■ **Work to complete**
The lines to retype are the one with "Some of the text" and all that follow it to the end of the entries below; copy them exactly and nothing else.

*** Extracted data ***

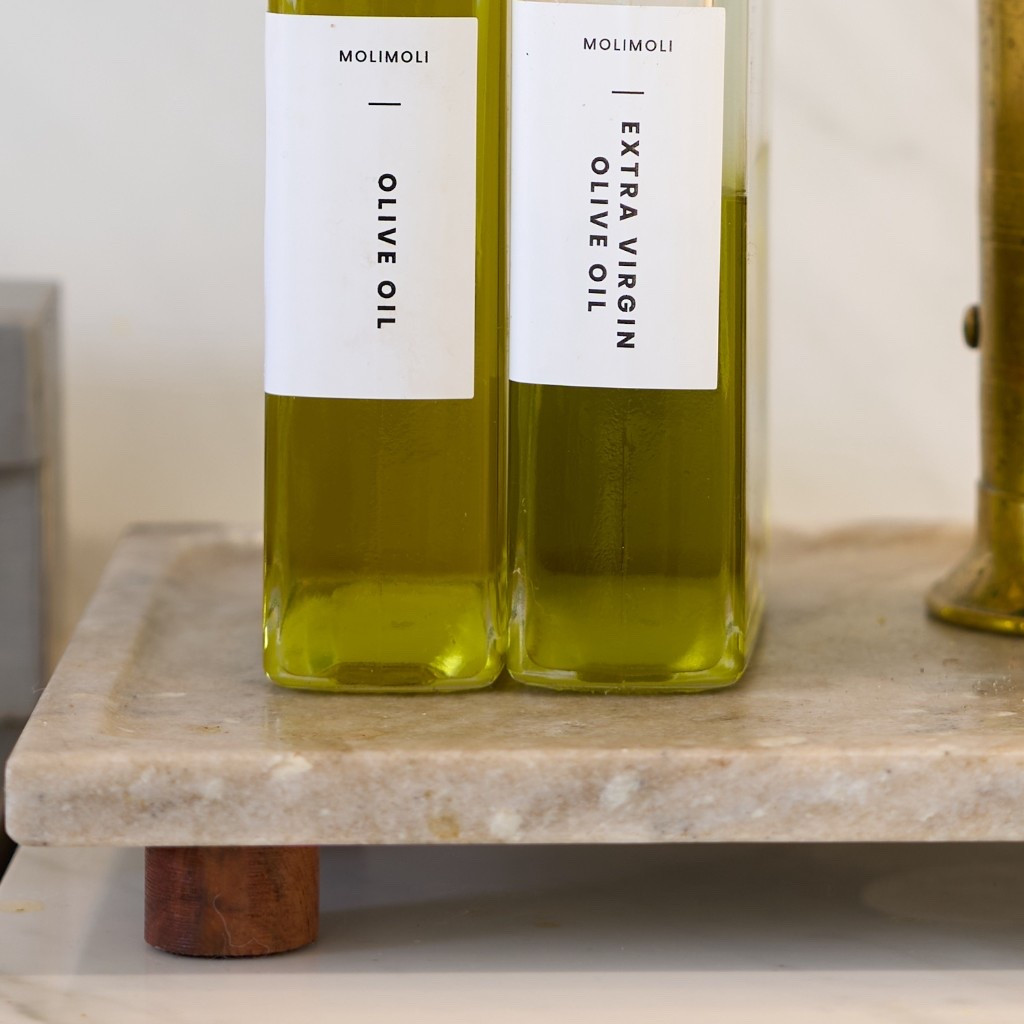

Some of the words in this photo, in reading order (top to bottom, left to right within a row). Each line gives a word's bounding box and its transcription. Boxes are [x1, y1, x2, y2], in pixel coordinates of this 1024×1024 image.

[339, 50, 430, 64] MOLIMOLI
[584, 37, 674, 53] MOLIMOLI
[589, 157, 609, 247] OLIVE
[619, 122, 640, 221] EXTRA
[377, 174, 397, 264] OLIVE
[377, 281, 397, 329] OIL
[587, 264, 607, 312] OIL
[616, 238, 637, 349] VIRGIN
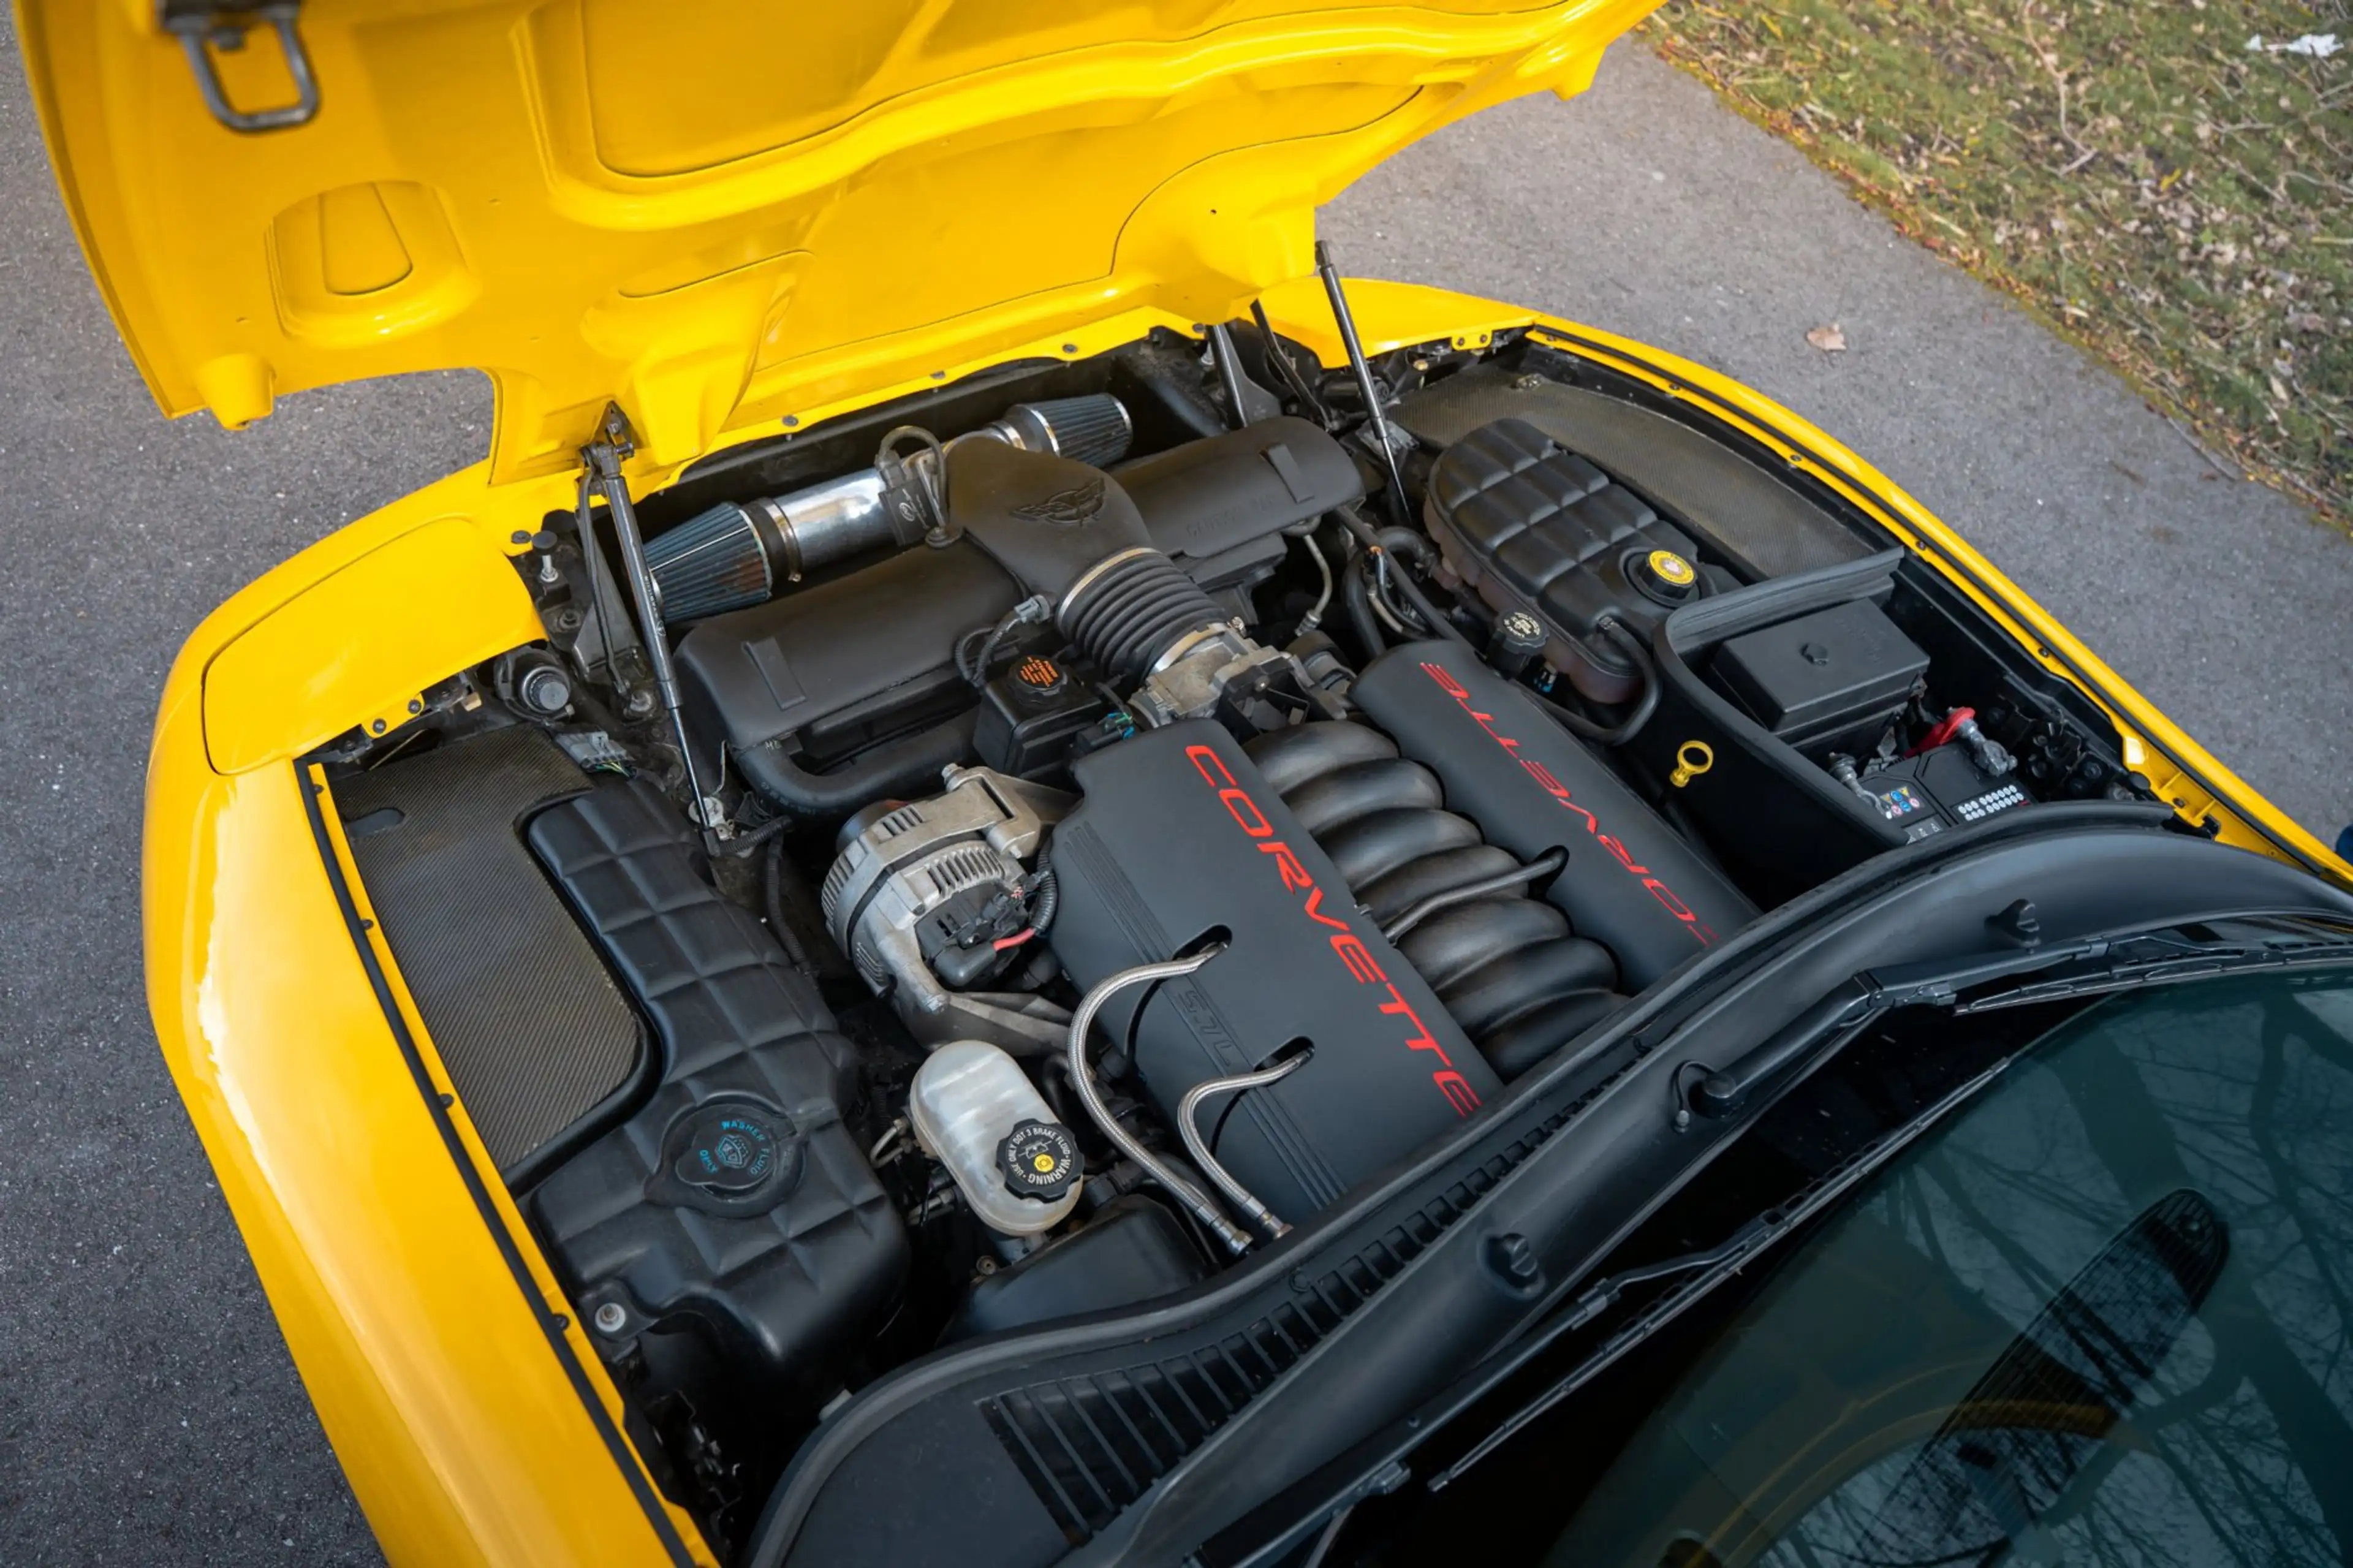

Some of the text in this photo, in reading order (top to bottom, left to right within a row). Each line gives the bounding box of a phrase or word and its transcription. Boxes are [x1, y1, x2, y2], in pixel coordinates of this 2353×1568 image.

[1185, 745, 1481, 1116] CORVETTE
[1013, 1132, 1026, 1145] DOT
[1033, 1127, 1056, 1140] BRAKE
[721, 1121, 765, 1141] WASHER
[750, 1148, 770, 1175] FLUID
[1008, 1144, 1017, 1162] ONLY
[1056, 1136, 1070, 1155] FLUID
[1011, 1162, 1024, 1176] USE
[1028, 1159, 1071, 1185] WARNING

*** End of Extracted data ***

■ **Expected answer**
Some of the text in this photo, in reading order (top to bottom, left to right within a row). Each line gives the bounding box of a phrase or word and its transcription. Boxes are [x1, y1, x2, y2], in pixel coordinates of this 2353×1568 image.

[1185, 745, 1481, 1116] CORVETTE
[1013, 1132, 1026, 1145] DOT
[1033, 1127, 1056, 1140] BRAKE
[721, 1121, 765, 1141] WASHER
[750, 1148, 770, 1175] FLUID
[1008, 1144, 1017, 1162] ONLY
[1056, 1136, 1070, 1155] FLUID
[1011, 1162, 1024, 1176] USE
[1028, 1159, 1071, 1185] WARNING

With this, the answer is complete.